EXERCISE BRIEF: Word for word, please restate each record and pass over the pictures.
○ ○ ○ ○ ○ ○ ○
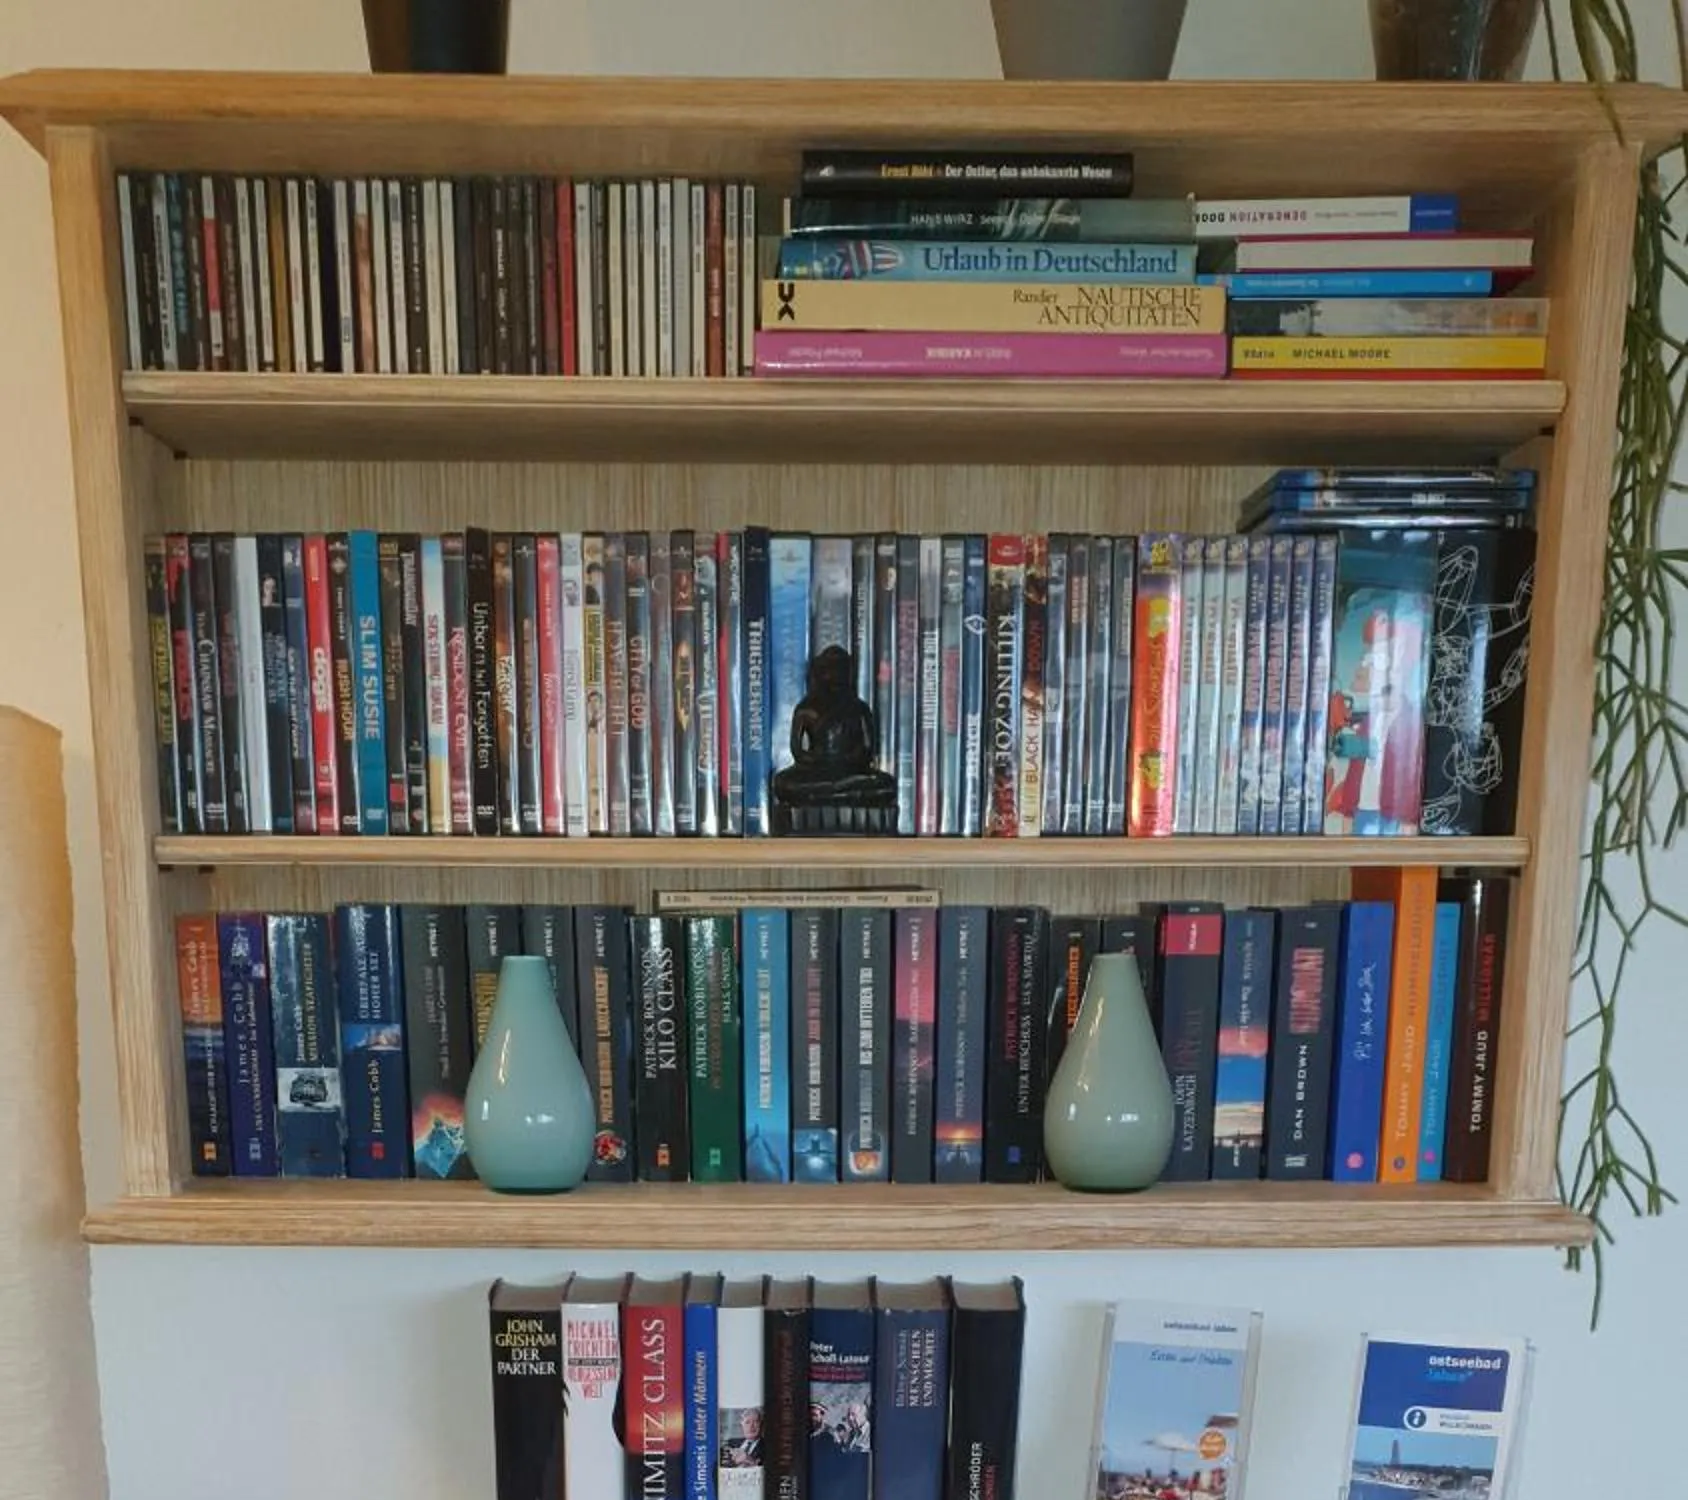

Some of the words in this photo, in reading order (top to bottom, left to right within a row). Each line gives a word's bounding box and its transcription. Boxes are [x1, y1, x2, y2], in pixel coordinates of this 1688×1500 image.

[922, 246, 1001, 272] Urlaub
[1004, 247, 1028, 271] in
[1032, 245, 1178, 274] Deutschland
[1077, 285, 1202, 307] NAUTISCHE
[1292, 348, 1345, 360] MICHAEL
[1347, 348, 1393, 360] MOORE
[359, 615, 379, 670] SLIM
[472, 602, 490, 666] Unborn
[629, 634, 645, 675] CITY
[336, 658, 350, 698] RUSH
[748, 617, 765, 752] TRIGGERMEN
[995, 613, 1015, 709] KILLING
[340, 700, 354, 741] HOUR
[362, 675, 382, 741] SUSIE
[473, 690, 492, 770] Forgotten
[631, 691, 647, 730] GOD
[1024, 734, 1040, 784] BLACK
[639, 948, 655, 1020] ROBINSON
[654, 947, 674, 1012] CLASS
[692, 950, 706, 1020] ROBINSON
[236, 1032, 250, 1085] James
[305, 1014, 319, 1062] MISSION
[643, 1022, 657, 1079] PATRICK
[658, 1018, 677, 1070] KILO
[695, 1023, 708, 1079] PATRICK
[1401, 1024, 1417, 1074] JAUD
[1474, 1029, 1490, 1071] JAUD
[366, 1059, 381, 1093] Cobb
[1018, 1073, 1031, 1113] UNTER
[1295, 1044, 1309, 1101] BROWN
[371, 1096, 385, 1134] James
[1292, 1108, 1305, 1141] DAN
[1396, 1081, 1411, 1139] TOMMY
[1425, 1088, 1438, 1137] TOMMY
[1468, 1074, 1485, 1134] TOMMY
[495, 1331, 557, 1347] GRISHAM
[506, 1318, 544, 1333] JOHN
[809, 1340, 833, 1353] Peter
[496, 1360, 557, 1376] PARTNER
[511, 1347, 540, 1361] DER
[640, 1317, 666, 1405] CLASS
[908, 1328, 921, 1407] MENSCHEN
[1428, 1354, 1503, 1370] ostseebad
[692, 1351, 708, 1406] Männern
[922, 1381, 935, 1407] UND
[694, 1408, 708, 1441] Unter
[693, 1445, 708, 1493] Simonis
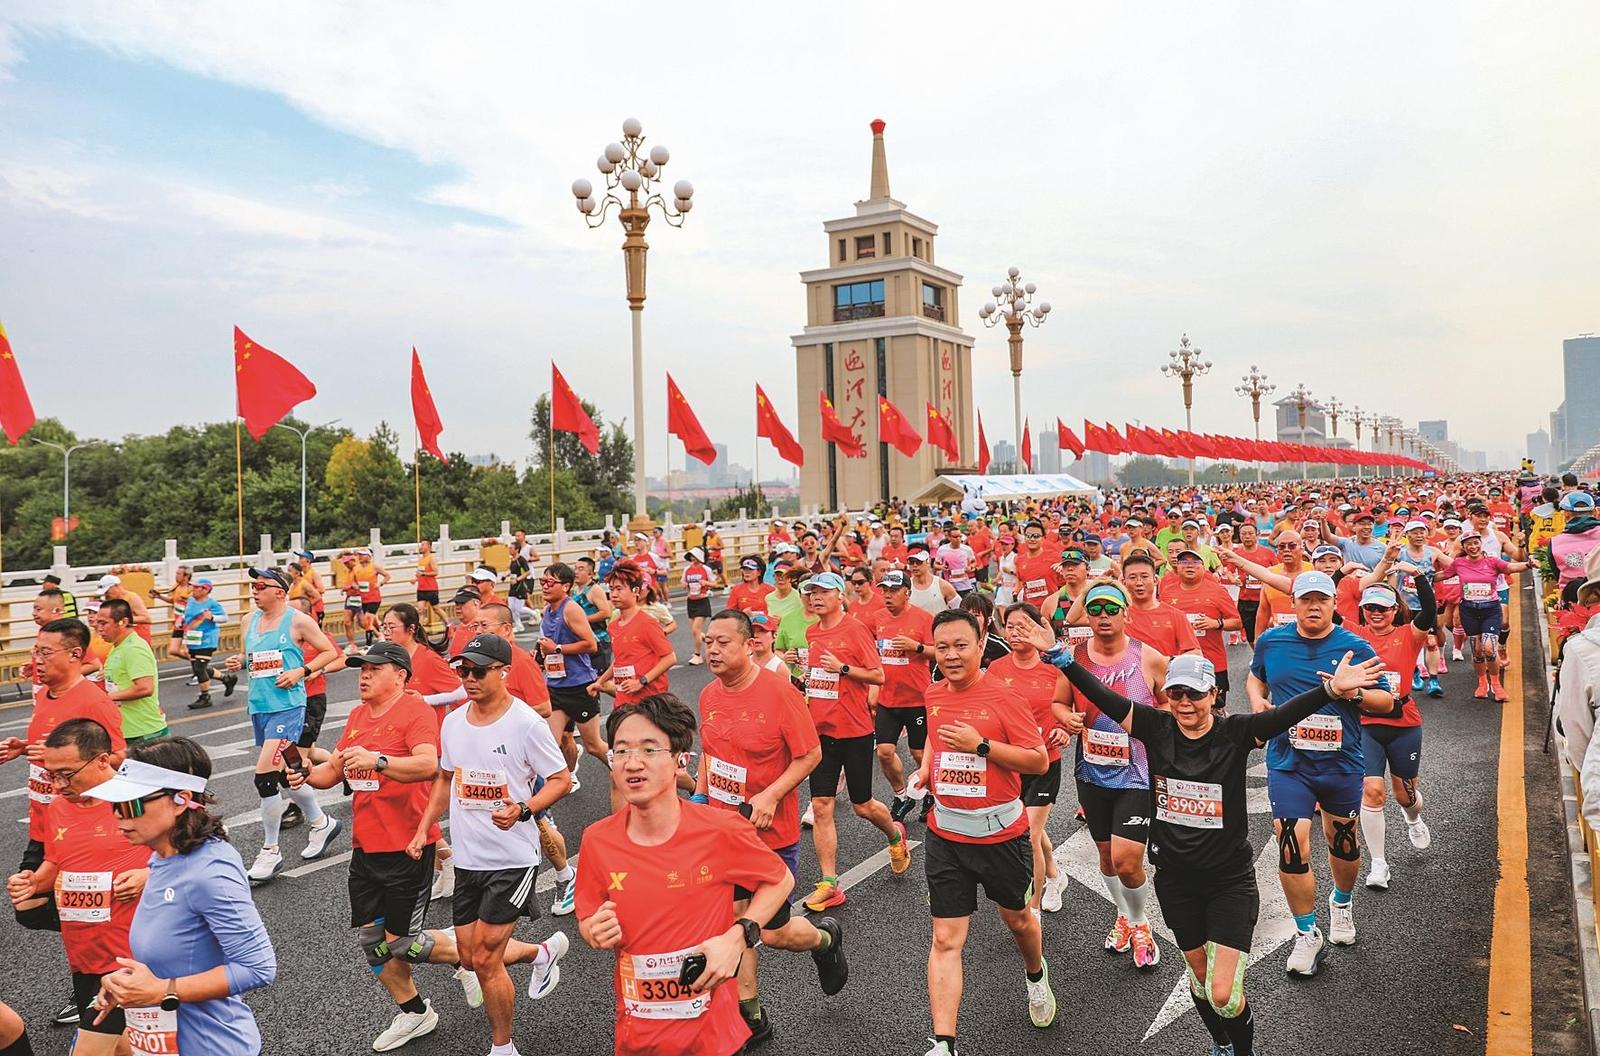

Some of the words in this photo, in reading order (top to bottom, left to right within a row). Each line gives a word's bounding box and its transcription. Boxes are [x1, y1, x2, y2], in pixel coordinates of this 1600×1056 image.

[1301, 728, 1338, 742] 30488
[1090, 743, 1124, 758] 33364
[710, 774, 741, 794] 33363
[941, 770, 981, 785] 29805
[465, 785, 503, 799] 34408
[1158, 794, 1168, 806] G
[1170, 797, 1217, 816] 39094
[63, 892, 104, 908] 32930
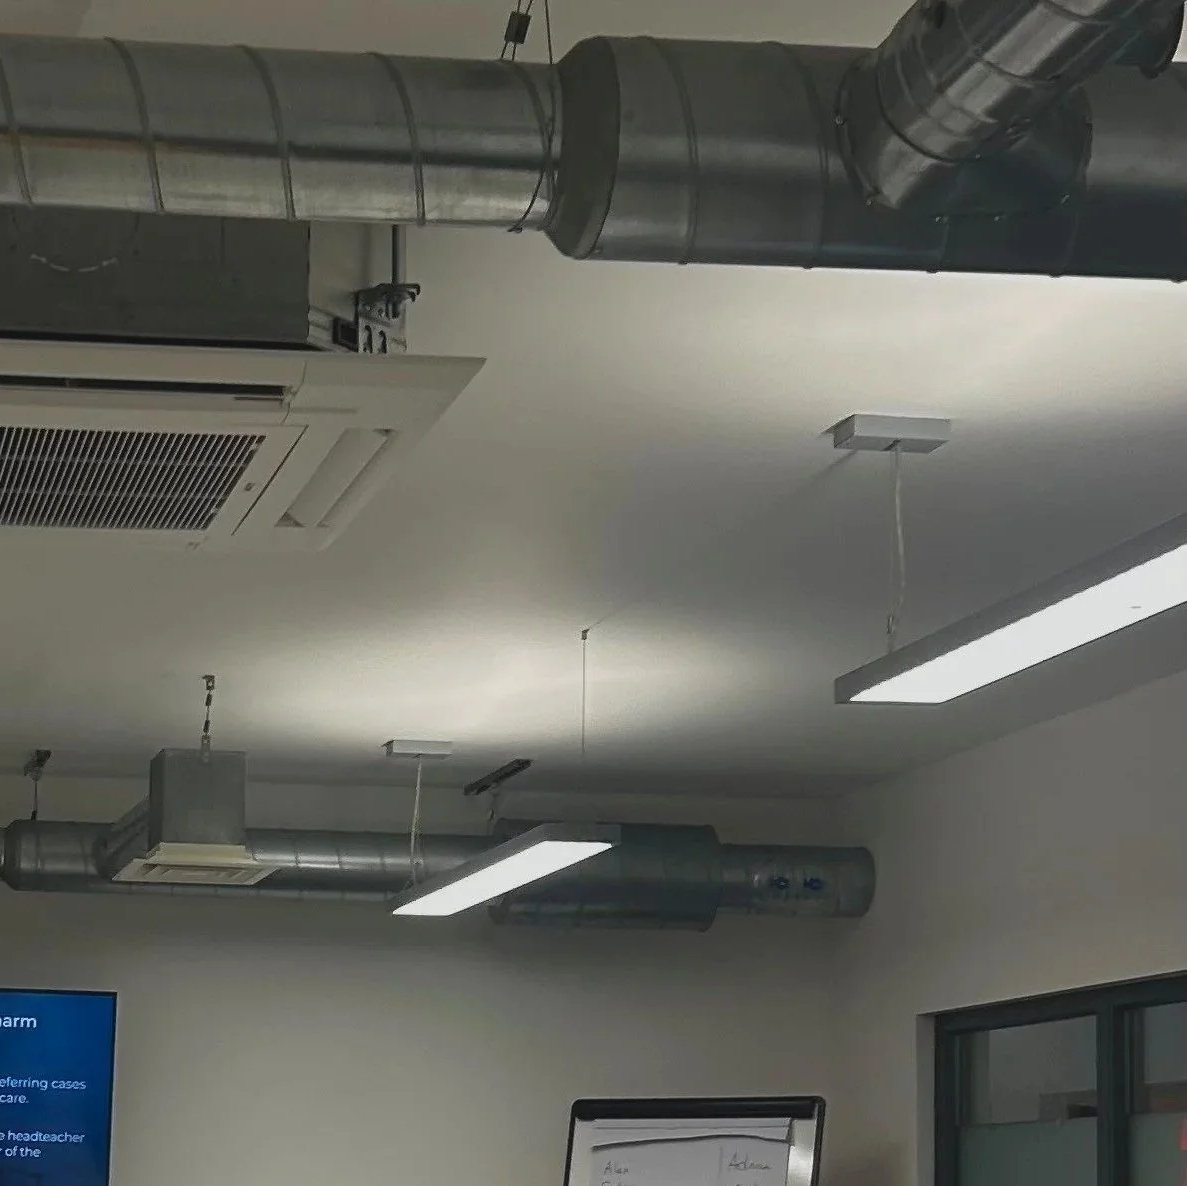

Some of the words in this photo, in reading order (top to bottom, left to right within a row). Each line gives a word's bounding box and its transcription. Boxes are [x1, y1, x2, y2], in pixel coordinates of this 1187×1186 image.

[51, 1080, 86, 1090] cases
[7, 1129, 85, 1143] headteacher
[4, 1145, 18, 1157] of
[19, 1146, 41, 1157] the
○ ○ ○ ○ ○ ○ ○
EXPECTED OUTPUT:
Some of the words in this photo, in reading order (top to bottom, left to right within a row). Each line gives a word's bounding box and its transcription. Boxes are [x1, y1, x2, y2], in pixel coordinates of this 1688×1500 image.

[922, 246, 1001, 272] Urlaub
[1004, 247, 1028, 271] in
[1032, 245, 1178, 274] Deutschland
[1077, 285, 1202, 307] NAUTISCHE
[1292, 348, 1345, 360] MICHAEL
[1347, 348, 1393, 360] MOORE
[359, 615, 379, 670] SLIM
[472, 602, 490, 666] Unborn
[629, 634, 645, 675] CITY
[336, 658, 350, 698] RUSH
[748, 617, 765, 752] TRIGGERMEN
[995, 613, 1015, 709] KILLING
[340, 700, 354, 741] HOUR
[362, 675, 382, 741] SUSIE
[473, 690, 492, 770] Forgotten
[631, 691, 647, 730] GOD
[1024, 734, 1040, 784] BLACK
[639, 948, 655, 1020] ROBINSON
[654, 947, 674, 1012] CLASS
[692, 950, 706, 1020] ROBINSON
[236, 1032, 250, 1085] James
[305, 1014, 319, 1062] MISSION
[643, 1022, 657, 1079] PATRICK
[658, 1018, 677, 1070] KILO
[695, 1023, 708, 1079] PATRICK
[1401, 1024, 1417, 1074] JAUD
[1474, 1029, 1490, 1071] JAUD
[366, 1059, 381, 1093] Cobb
[1018, 1073, 1031, 1113] UNTER
[1295, 1044, 1309, 1101] BROWN
[371, 1096, 385, 1134] James
[1292, 1108, 1305, 1141] DAN
[1396, 1081, 1411, 1139] TOMMY
[1425, 1088, 1438, 1137] TOMMY
[1468, 1074, 1485, 1134] TOMMY
[495, 1331, 557, 1347] GRISHAM
[506, 1318, 544, 1333] JOHN
[809, 1340, 833, 1353] Peter
[496, 1360, 557, 1376] PARTNER
[511, 1347, 540, 1361] DER
[640, 1317, 666, 1405] CLASS
[908, 1328, 921, 1407] MENSCHEN
[1428, 1354, 1503, 1370] ostseebad
[692, 1351, 708, 1406] Männern
[922, 1381, 935, 1407] UND
[694, 1408, 708, 1441] Unter
[693, 1445, 708, 1493] Simonis

Some of the words in this photo, in reading order (top to bottom, left to right within a row). Each line gives a word's bounding box and its transcription. Boxes are [x1, y1, x2, y2], in pixel coordinates of this 1600×1056 image.

[1301, 728, 1338, 742] 30488
[1090, 743, 1124, 758] 33364
[710, 774, 741, 794] 33363
[941, 770, 981, 785] 29805
[465, 785, 503, 799] 34408
[1158, 794, 1168, 806] G
[1170, 797, 1217, 816] 39094
[63, 892, 104, 908] 32930

Some of the words in this photo, in reading order (top to bottom, left to right within a row). Each line gives a word's bounding box and its transcription. Boxes are [x1, y1, x2, y2], in pixel coordinates of this 1187×1186 image.

[51, 1080, 86, 1090] cases
[7, 1129, 85, 1143] headteacher
[4, 1145, 18, 1157] of
[19, 1146, 41, 1157] the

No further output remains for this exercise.